=== RECORDS FOR PROCESSING ===

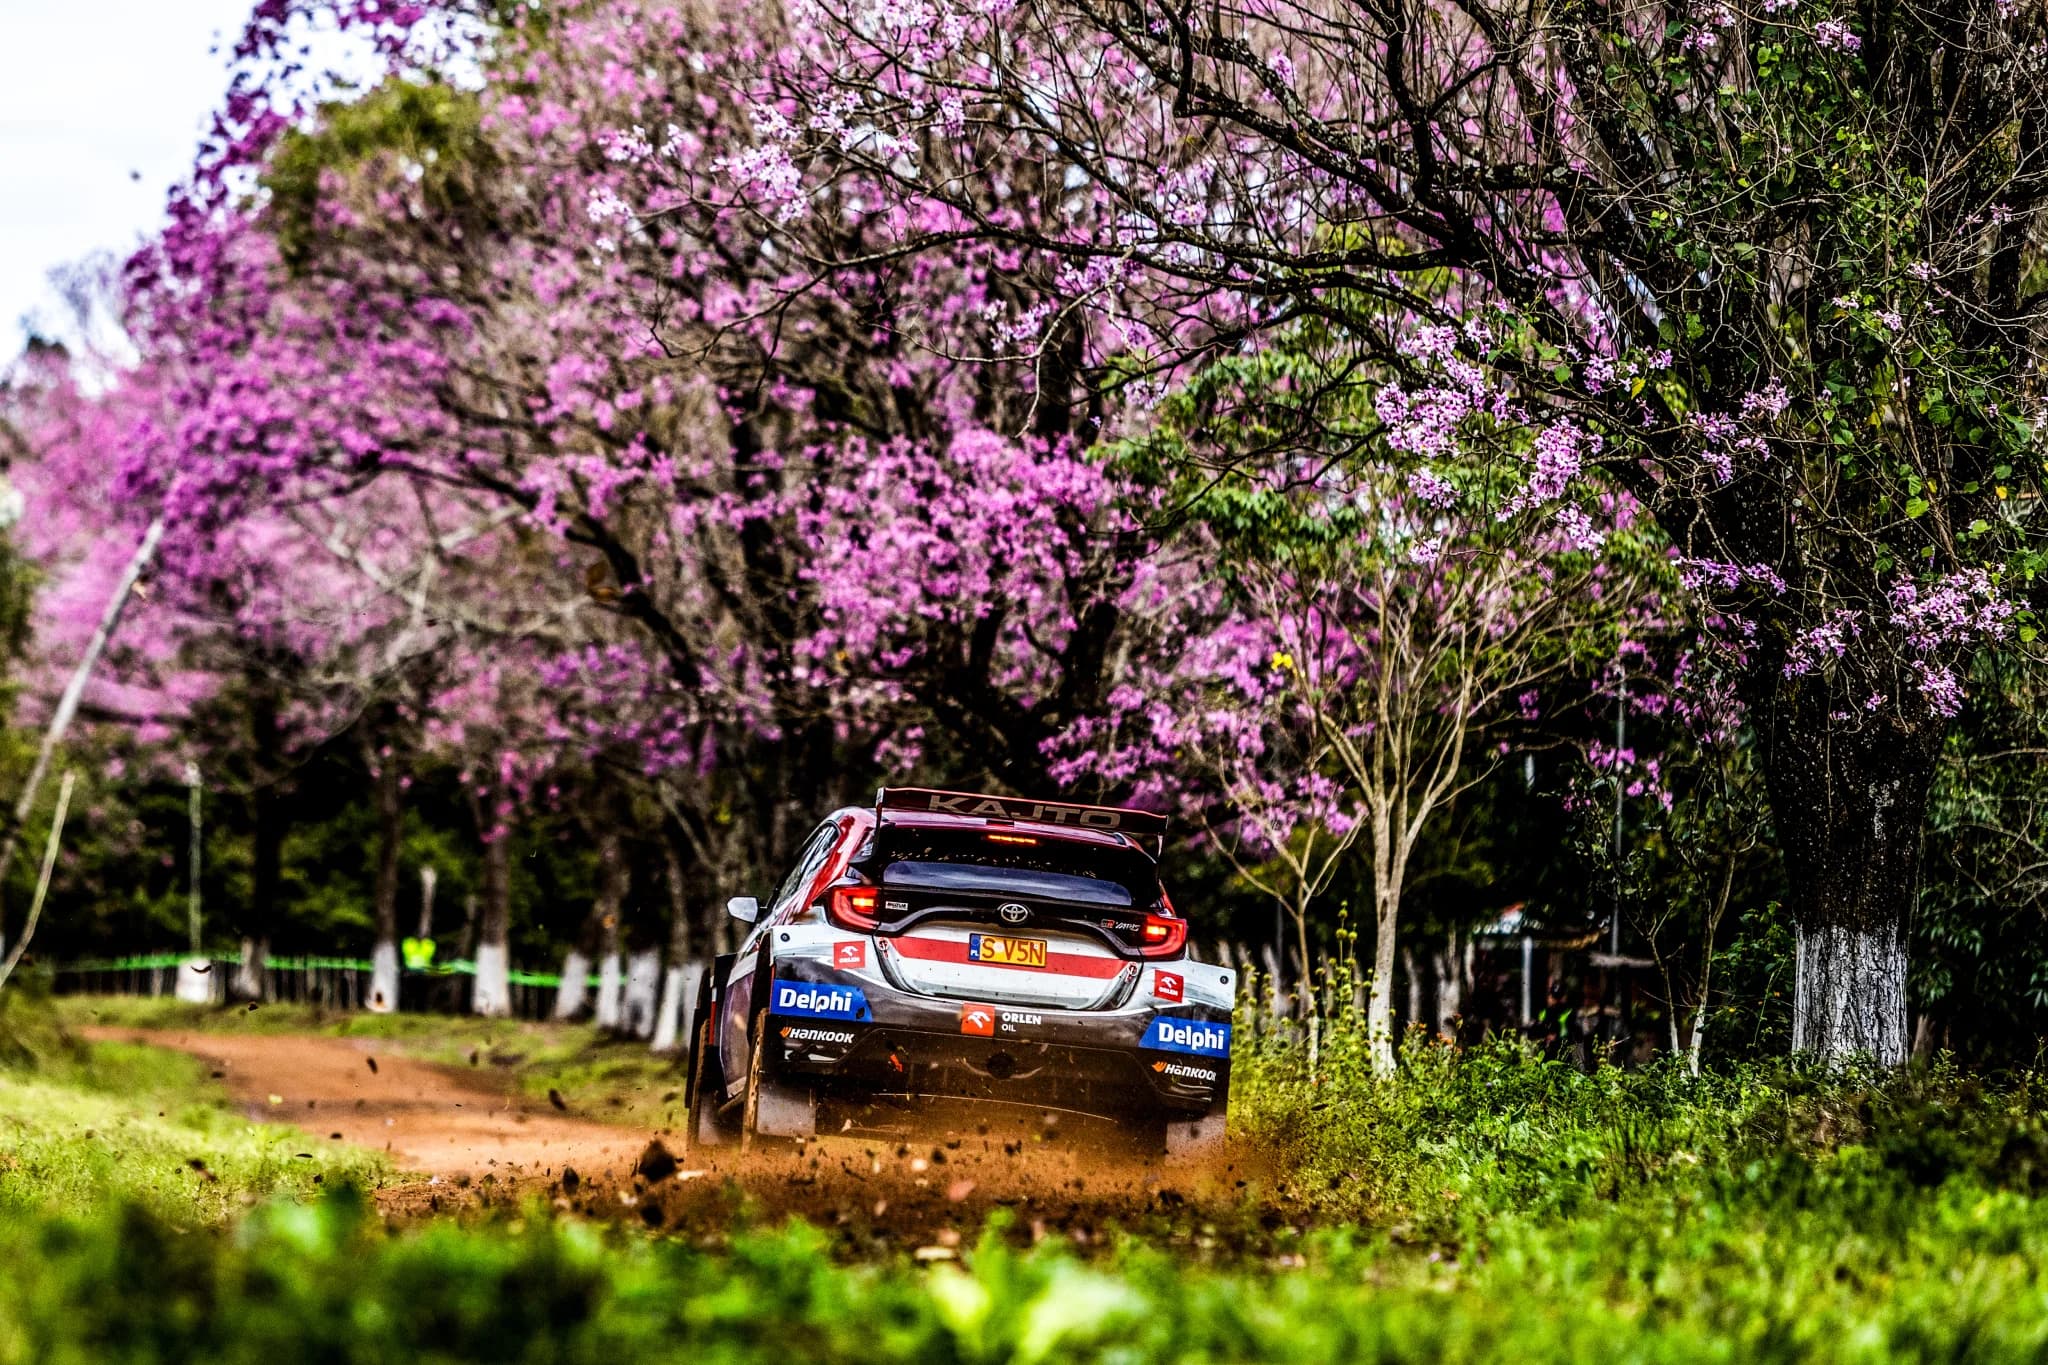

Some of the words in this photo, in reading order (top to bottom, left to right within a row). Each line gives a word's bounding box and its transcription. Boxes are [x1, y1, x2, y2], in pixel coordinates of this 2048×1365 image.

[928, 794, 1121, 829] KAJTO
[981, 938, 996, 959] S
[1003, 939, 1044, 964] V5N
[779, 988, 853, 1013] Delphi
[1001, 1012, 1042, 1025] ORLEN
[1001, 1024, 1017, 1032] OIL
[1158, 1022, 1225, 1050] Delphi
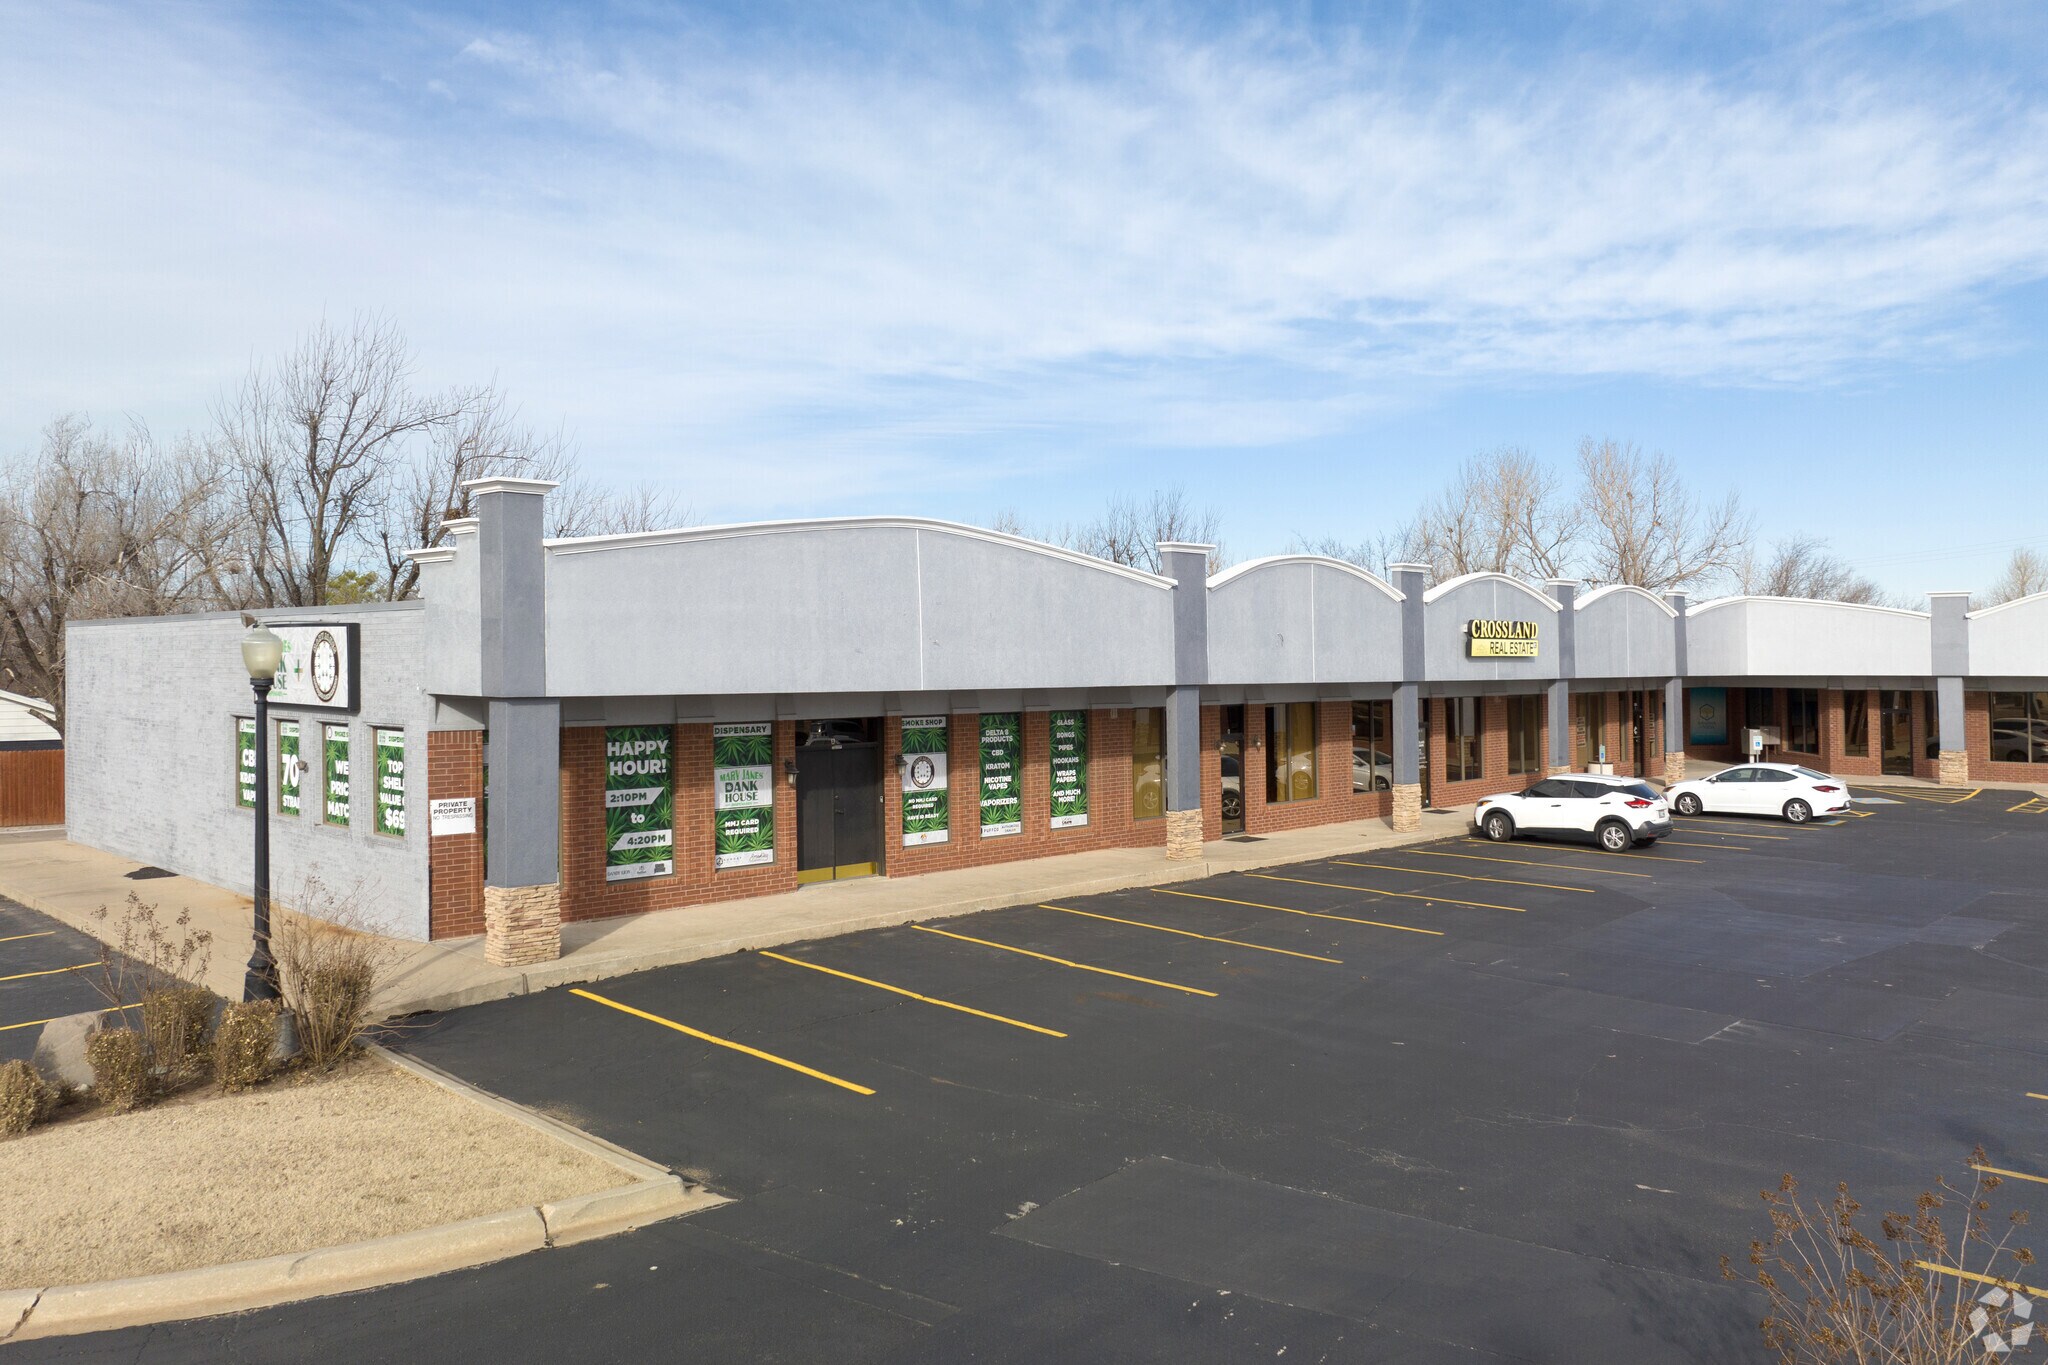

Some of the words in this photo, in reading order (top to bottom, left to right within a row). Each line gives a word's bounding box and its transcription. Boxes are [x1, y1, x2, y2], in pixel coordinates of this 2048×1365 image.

===

## [ASSIGNED TASK]
Could you reproduce the entries verbatim, leaving out all pictures?

## [ANSWER SPACE]
Some of the words in this photo, in reading order (top to bottom, left to right within a row). Each line gives a word's bounding box and its transcription. Boxes are [x1, y1, x2, y2], in pixel coordinates of this 2048×1365 image.

[928, 794, 1121, 829] KAJTO
[981, 938, 996, 959] S
[1003, 939, 1044, 964] V5N
[779, 988, 853, 1013] Delphi
[1001, 1012, 1042, 1025] ORLEN
[1001, 1024, 1017, 1032] OIL
[1158, 1022, 1225, 1050] Delphi

Some of the words in this photo, in reading order (top to bottom, left to right within a row). Each line gives a word's bounding box and its transcription. Boxes are [x1, y1, x2, y2], in pixel coordinates of this 2048×1365 image.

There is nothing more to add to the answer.